A draft draft recently proposed by the Illinois state legislature to add virtual currencies to the list of assets that could be considered abandoned (abandoned). The bill was first introduced on February 20 and sent to the Finance & Housing Revenue Commission (House Revenue & Finance Committee) on March 12.
The draft revised some aspects of the Illinois Unclaimed Property Act, specifically adding two terms relating to virtual currencies – a legal term for cryptocurrencies and cryptocurrencies. Other properties have similar features.
The law stipulates all manners of properties considered to be abandoned by their original owners. Among others, they may include real estate, safe deposit boxes, money orders and securities.
Bitcoin has no head, so it is also considered an abandoned property.
When a property is deemed unknown, the state is obligated to try to contact its final owner. If that fails, the state treasurer can claim his property – essentially get it back.
This law is primarily intended for properties held by third parties, such as banks. The confiscation process allows supervisors to recover any fees they may have accumulated that were not paid by the original owner.
New cryptocurrency terms
The revised bill specifies exactly how to handle cryptocurrencies according to the law.
The term for supposedly abandoned cryptocurrency assets is defined as 5 years after the last sign of interest.
An indication of interest is a legal term that includes any type of interaction between the supervisor and the owner of the property. For example, withdrawing parts of an asset or conveying change contact information.

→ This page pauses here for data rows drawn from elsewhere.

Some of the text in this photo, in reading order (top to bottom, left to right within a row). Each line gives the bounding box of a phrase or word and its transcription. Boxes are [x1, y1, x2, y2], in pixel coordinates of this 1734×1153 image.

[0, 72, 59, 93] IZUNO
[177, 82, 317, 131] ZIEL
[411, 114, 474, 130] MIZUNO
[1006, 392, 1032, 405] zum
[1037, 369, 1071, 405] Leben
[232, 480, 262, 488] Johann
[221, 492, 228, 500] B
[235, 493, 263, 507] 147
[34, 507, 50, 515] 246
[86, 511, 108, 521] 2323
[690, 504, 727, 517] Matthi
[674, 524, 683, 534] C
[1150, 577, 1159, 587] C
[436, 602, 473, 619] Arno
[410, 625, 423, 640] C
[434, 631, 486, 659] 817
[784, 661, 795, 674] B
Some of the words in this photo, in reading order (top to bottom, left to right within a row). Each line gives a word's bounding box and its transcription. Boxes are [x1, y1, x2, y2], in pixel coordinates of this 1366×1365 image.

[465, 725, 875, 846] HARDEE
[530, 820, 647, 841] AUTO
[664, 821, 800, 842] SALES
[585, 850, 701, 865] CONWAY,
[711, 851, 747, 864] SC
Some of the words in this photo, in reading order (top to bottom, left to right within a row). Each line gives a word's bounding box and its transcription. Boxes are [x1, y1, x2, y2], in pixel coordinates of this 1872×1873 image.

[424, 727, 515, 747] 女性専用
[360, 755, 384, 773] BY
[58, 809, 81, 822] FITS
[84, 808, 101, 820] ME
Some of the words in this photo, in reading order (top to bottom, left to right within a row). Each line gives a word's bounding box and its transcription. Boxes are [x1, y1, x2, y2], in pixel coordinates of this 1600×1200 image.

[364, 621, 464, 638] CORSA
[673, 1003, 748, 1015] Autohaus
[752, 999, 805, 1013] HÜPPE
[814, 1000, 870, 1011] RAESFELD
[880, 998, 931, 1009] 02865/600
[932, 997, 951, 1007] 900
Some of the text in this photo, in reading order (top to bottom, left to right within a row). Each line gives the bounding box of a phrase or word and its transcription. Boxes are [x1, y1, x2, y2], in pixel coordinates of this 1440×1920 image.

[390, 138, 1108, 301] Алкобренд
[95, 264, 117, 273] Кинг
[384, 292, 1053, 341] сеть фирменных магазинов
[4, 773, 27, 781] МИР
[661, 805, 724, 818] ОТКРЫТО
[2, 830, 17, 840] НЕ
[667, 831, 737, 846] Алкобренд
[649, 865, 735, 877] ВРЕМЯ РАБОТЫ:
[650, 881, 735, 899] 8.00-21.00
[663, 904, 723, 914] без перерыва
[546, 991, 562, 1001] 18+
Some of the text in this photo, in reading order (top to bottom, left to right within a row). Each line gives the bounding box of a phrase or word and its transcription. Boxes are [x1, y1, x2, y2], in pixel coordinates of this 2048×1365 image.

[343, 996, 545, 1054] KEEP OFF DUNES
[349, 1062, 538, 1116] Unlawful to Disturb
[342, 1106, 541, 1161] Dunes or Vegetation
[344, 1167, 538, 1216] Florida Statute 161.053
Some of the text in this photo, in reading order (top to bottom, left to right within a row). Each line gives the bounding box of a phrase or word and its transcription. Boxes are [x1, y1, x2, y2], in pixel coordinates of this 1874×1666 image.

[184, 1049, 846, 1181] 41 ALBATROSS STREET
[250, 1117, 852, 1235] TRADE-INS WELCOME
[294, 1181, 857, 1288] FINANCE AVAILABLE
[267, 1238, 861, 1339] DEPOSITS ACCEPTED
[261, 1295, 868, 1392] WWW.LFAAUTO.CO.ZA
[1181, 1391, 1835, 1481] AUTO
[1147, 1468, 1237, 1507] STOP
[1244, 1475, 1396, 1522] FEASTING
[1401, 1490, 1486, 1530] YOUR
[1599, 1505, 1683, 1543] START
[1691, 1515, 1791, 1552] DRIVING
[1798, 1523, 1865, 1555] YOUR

The 5-year term seems to be relatively generous, since many other assets can be considered abandoned after 3 years.
One notable aspect of the bill is that the government will not directly own the cryptocurrency collected in this way. The property must be liquidated by the owner – the legal term for supervisors. As stated on the invoice:
The holder will liquidate the virtual currency and transfer money to the administrator. The liquidation will take place at any time within 30 days before submitting the report under Section 15-401.
After the liquidation, the original owner loses the right to revoke any interest in the value of the property.
Cryptocurrency provisions seem to be strictly targeted for cryptocurrency custody businesses, since direct confiscation of cryptocurrencies is largely impossible. If the bill passes, cryptocurrency depository operators in Illinois will receive clear instructions for an important business procedure.
However, there is no large cryptocurrency manager based in Illinois. The Chicago Mercantile Exchange (CME) provides Bitcoin derivatives (BTC) derivatives to institutional clients but has not expanded to direct scrutiny – at least for now. Coinbase is the largest custodian exchange service in the United States but based in San Francisco.